La mayor parte de la clase se quedó ese día en el aula con la sana pretensión de dar el último repaso del estudiante saliente de la adolescencia que aún no ha llegado a la madurez y llega apurado al examen.
Nadie sabe cómo, de repente, se comienza a formar un ruedo a base de pupitres. Tres alumnos se lían a modo de capote de paseo las toallas que tenían en los macutos de gimnasia y eligen a sus subalternos. Esas mismas toallas harían luego de capote y muleta. Hasta se improvisan picadores y los más altos cogen “a cabrito” a los más menudos que se proveen de los “sticks” de hockey patines que hacen las veces de las puyas de picar.
El paseíllo se inicia con tres diestros y sus correspondientes cuadrillas a los sones de “Plaza de la Maestranza” que fue tarareada por el resto de la clase que ejercía de enfervorizado público.

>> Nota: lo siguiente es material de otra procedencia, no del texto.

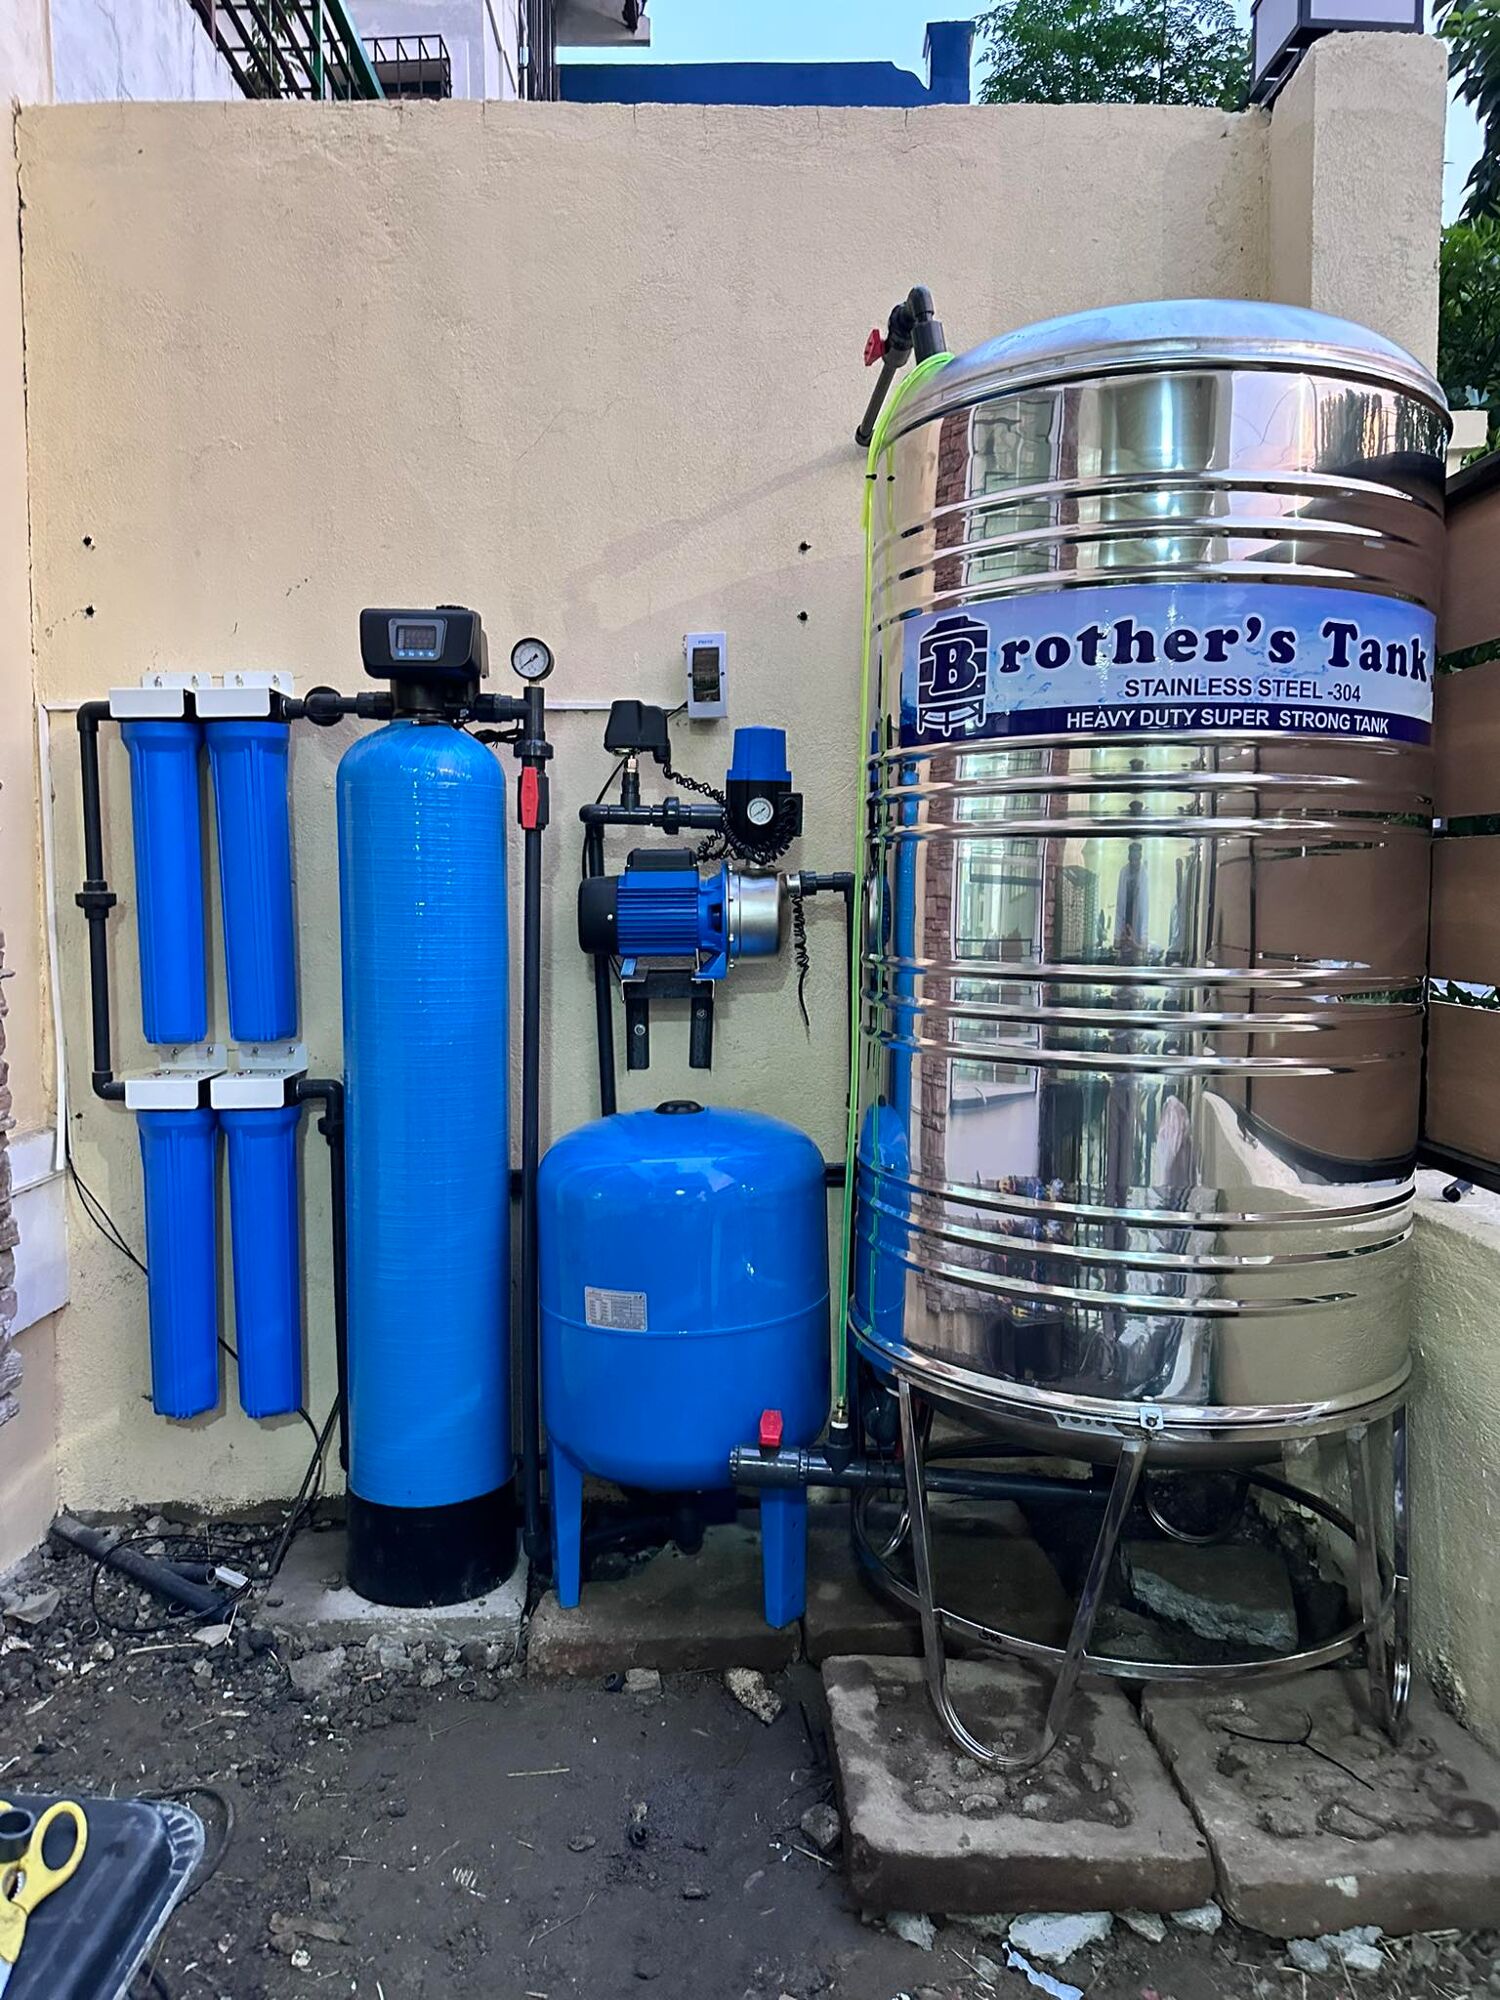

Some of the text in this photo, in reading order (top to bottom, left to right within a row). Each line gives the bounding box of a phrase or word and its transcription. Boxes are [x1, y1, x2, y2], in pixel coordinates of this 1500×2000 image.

Hasta el imponente cerrojazo previo al paseíllo es imitado. Los compañeros de mayor trapío y presencia hacían de toros, que fueron encerrados en los armarios de la clase que funcionaron como improvisados toriles.
El primer diestro hace una faena de categoría y como aún no había llegado a España la moda de los pañuelos de papel, el flamear de los blancos de tela que los jóvenes de la época llevábamos nos transportaba a la mismísima Maestranza.
En pleno éxtasis de la faena al segundo de la tarde, cuando ya habíamos perdido la noción del tiempo y del espacio, entró en el aula don Francisco Mena Cantero, el profesor de Filosofía con el que teníamos el examen.
El alumno estaba cuajando la faena soñada. El profesor, consciente de que el imberbe que toreaba era el responsable de aquello, lo hizo salir de clase y con gesto serio e impasible le dijo:
- “Leal, haga honor a su apellido y procure que este incidente no vuelva a repetirse porque me obligarán a tomar medidas disciplinarias más serias de las que voy a tomar ahora. Son ustedes como niños que solo saben jugar. Vuelva a clase y disponga todo para el examen. Se les va a caer el pelo, aunque no son ustedes conscientes de la poesía y la filosofía que conlleva lo que han hecho”.
La vuelta a clase la pueden imaginar. Los pupitres de manera casi milagrosa habían vuelto a su sitio. La pregunta era inevitable:
- “Quiyo, ¿qué te ha dicho?”
- “No lo sé. No lo he entendido muy bien. Que se nos va a caer el pelo, seguro. Creo que nos van a expulsar unos días. Y luego algo de la poesía y la filosofía que no sé qué es lo que significa. Y que somos como niños que solo sabemos jugar. Pero creo que en el fondo le ha gustado y será una cosa perdonada.”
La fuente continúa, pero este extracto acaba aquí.